- SUPPLIED ENTRIES:

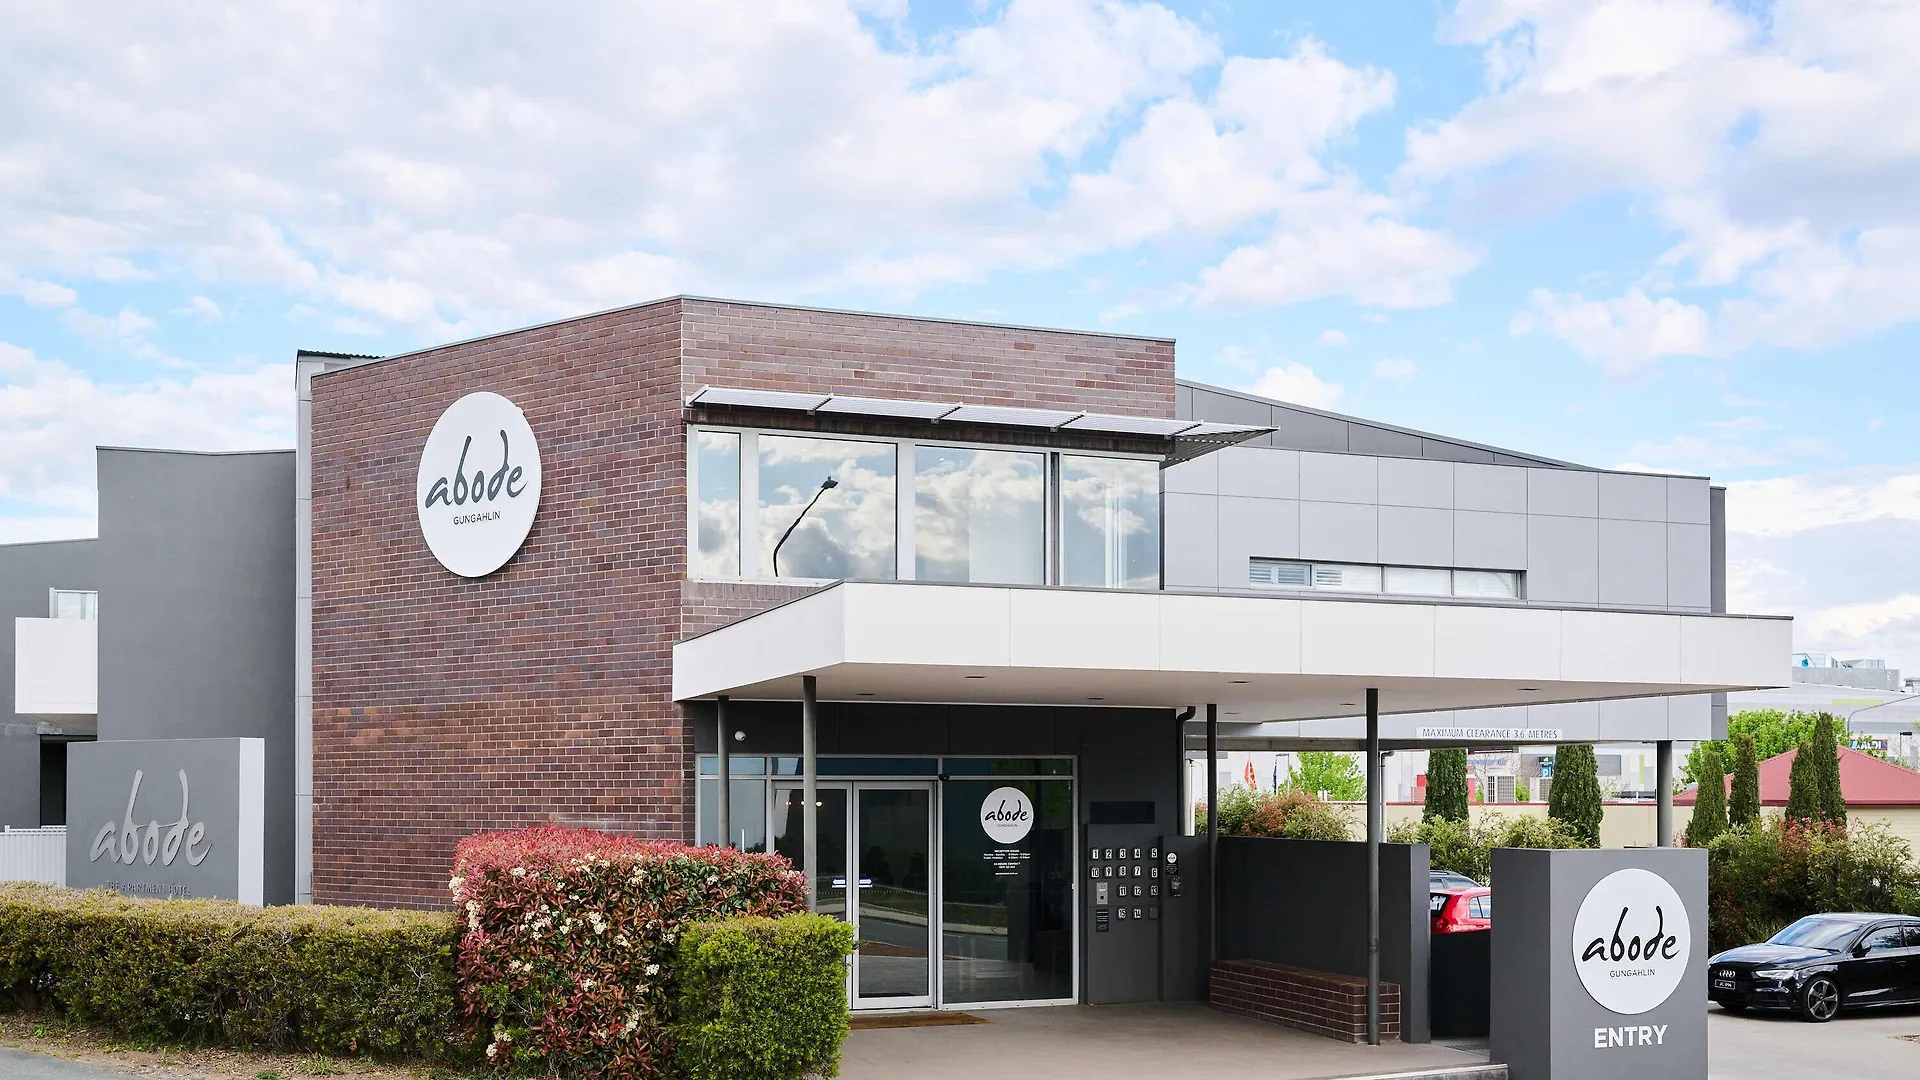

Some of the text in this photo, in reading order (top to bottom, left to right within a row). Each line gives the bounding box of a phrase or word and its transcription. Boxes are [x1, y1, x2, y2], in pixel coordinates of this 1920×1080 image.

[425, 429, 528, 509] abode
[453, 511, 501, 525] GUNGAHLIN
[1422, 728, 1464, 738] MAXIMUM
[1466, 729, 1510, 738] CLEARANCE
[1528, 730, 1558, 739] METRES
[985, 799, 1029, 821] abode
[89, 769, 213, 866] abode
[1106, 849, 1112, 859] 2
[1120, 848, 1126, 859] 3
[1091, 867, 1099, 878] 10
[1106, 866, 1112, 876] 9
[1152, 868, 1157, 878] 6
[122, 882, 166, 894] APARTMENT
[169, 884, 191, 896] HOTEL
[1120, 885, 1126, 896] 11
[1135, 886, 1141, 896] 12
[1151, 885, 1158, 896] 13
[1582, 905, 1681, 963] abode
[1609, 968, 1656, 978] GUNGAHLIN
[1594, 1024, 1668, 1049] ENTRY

- YOUR ASSIGNMENT: Each record above should be copied character for character, with pictures dropped.

- SOLUTION FOR THIS PROBLEM:
Some of the text in this photo, in reading order (top to bottom, left to right within a row). Each line gives the bounding box of a phrase or word and its transcription. Boxes are [x1, y1, x2, y2], in pixel coordinates of this 1920×1080 image.

[425, 429, 528, 509] abode
[453, 511, 501, 525] GUNGAHLIN
[1422, 728, 1464, 738] MAXIMUM
[1466, 729, 1510, 738] CLEARANCE
[1528, 730, 1558, 739] METRES
[985, 799, 1029, 821] abode
[89, 769, 213, 866] abode
[1106, 849, 1112, 859] 2
[1120, 848, 1126, 859] 3
[1091, 867, 1099, 878] 10
[1106, 866, 1112, 876] 9
[1152, 868, 1157, 878] 6
[122, 882, 166, 894] APARTMENT
[169, 884, 191, 896] HOTEL
[1120, 885, 1126, 896] 11
[1135, 886, 1141, 896] 12
[1151, 885, 1158, 896] 13
[1582, 905, 1681, 963] abode
[1609, 968, 1656, 978] GUNGAHLIN
[1594, 1024, 1668, 1049] ENTRY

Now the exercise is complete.